Feedback in Imitation Learning: Confusion on Causality and Covariate
Shift
- URL: http://arxiv.org/abs/2102.02872v1
- Date: Thu, 4 Feb 2021 20:18:56 GMT
- Title: Feedback in Imitation Learning: Confusion on Causality and Covariate
Shift
- Authors: Jonathan Spencer, Sanjiban Choudhury, Arun Venkatraman, Brian Ziebart,
J. Andrew Bagnell
- Abstract summary: We argue that conditioning policies on previous actions leads to a dramatic divergence between "held out" error and performance of the learner in situ.
We analyze existing benchmarks used to test imitation learning approaches.
We find, in a surprising contrast with previous literature, that naive behavioral cloning provides excellent results.
- Score: 12.93527098342393
- License: http://arxiv.org/licenses/nonexclusive-distrib/1.0/
- Abstract: Imitation learning practitioners have often noted that conditioning policies
on previous actions leads to a dramatic divergence between "held out" error and
performance of the learner in situ. Interactive approaches can provably address
this divergence but require repeated querying of a demonstrator. Recent work
identifies this divergence as stemming from a "causal confound" in predicting
the current action, and seek to ablate causal aspects of current state using
tools from causal inference. In this work, we argue instead that this
divergence is simply another manifestation of covariate shift, exacerbated
particularly by settings of feedback between decisions and input features. The
learner often comes to rely on features that are strongly predictive of
decisions, but are subject to strong covariate shift.

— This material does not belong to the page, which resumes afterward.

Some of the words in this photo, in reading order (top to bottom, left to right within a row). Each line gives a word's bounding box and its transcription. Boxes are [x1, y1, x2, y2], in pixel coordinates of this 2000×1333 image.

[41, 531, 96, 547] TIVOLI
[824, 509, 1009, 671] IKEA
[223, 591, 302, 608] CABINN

Our work demonstrates a broad class of problems where this shift can be
mitigated, both theoretically and practically, by taking advantage of a
simulator but without any further querying of expert demonstration. We analyze
existing benchmarks used to test imitation learning approaches and find that
these benchmarks are realizable and simple and thus insufficient for capturing
the harder regimes of error compounding seen in real-world decision making
problems. We find, in a surprising contrast with previous literature, but
consistent with our theory, that naive behavioral cloning provides excellent
results. We detail the need for new standardized benchmarks that capture the
phenomena seen in robotics problems.